# Work instructions:
Start with the line containing "this 1296×972 image." and write out each line through the end of the listing, exactly as given.

# Data records:
-=-=-=-=-
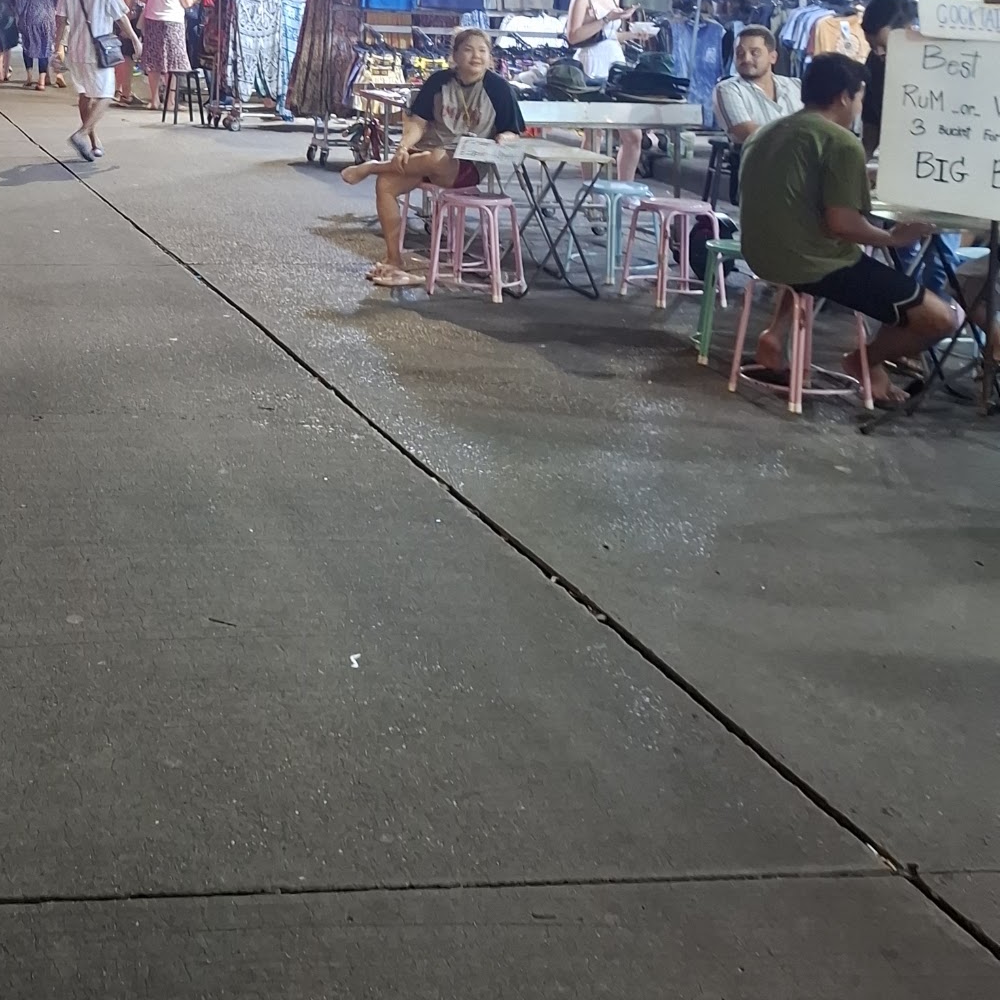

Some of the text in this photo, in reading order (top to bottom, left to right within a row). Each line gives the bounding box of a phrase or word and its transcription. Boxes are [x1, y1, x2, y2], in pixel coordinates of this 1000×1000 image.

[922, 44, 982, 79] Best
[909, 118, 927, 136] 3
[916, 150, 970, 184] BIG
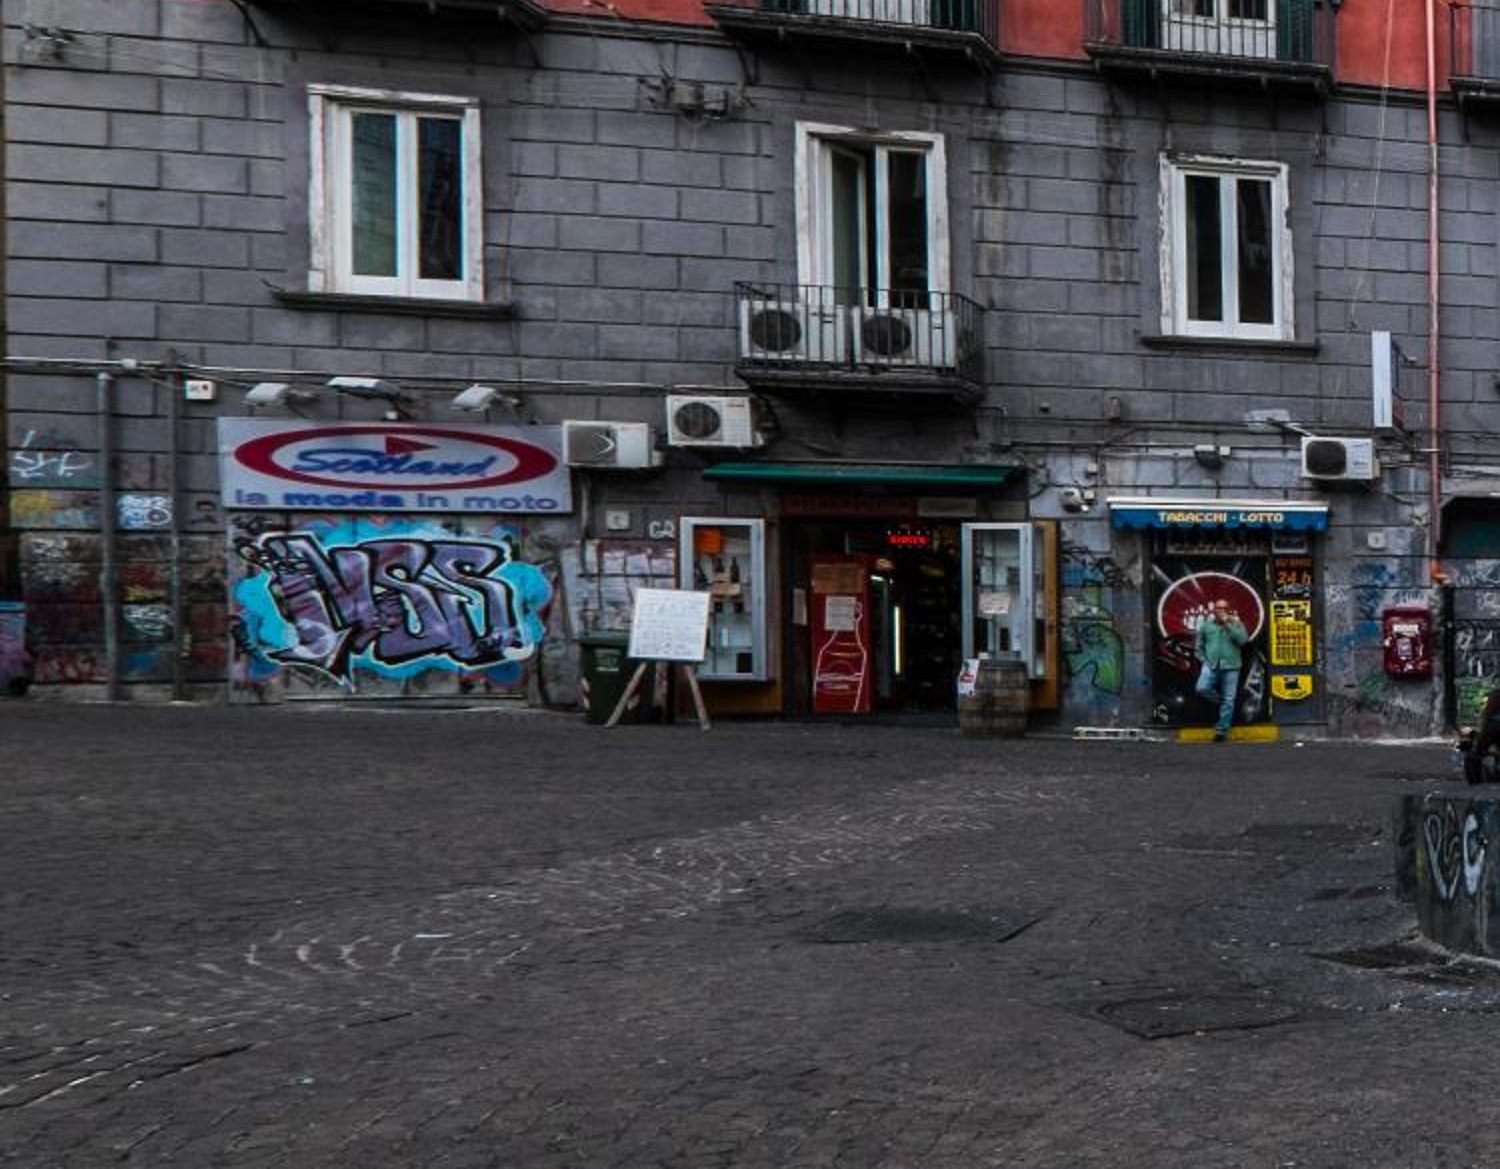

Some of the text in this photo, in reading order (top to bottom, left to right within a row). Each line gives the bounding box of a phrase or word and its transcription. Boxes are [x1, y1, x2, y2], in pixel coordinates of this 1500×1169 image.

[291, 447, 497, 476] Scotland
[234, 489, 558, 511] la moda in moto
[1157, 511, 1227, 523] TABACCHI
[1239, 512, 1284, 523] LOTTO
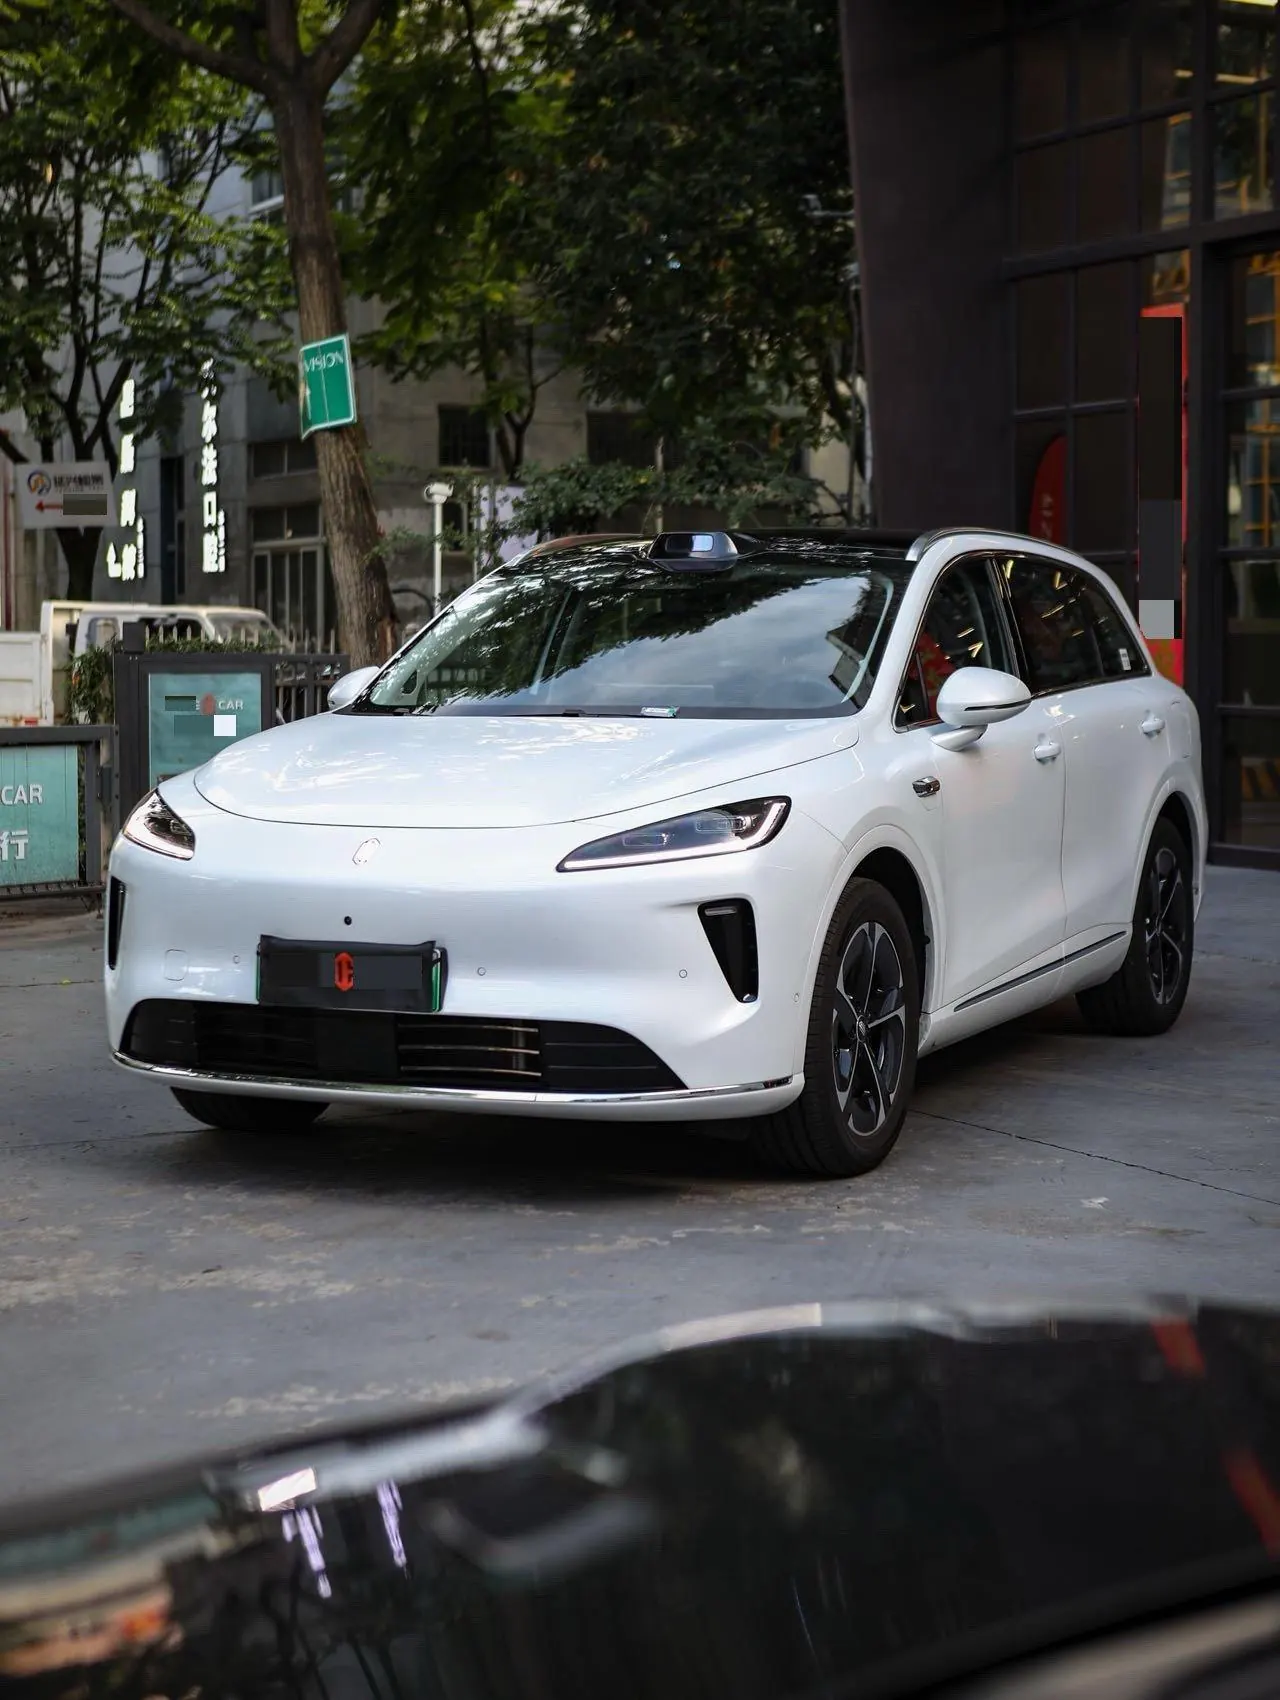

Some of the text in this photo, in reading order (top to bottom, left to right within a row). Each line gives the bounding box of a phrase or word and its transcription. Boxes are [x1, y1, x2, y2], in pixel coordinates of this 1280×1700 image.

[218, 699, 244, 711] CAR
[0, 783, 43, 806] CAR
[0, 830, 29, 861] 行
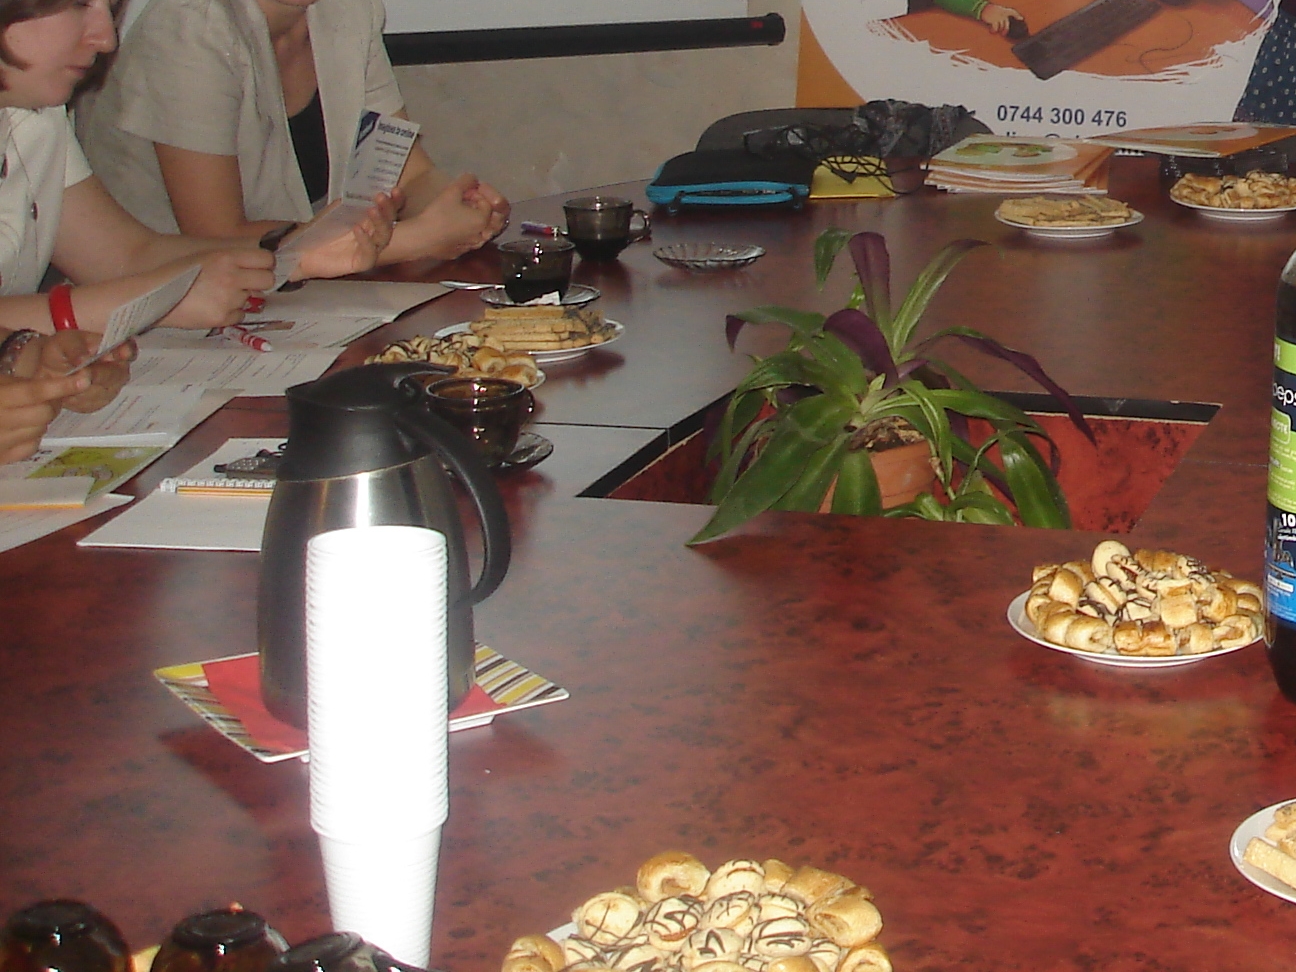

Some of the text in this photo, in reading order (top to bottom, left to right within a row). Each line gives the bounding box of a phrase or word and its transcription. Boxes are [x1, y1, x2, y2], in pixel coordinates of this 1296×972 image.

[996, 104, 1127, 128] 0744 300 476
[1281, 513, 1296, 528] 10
-=-=-=-=-
# Response to the exercise:
Some of the text in this photo, in reading order (top to bottom, left to right within a row). Each line gives the bounding box of a phrase or word and its transcription. Boxes are [x1, y1, x2, y2], in pixel coordinates of this 1296×972 image.

[996, 104, 1127, 128] 0744 300 476
[1281, 513, 1296, 528] 10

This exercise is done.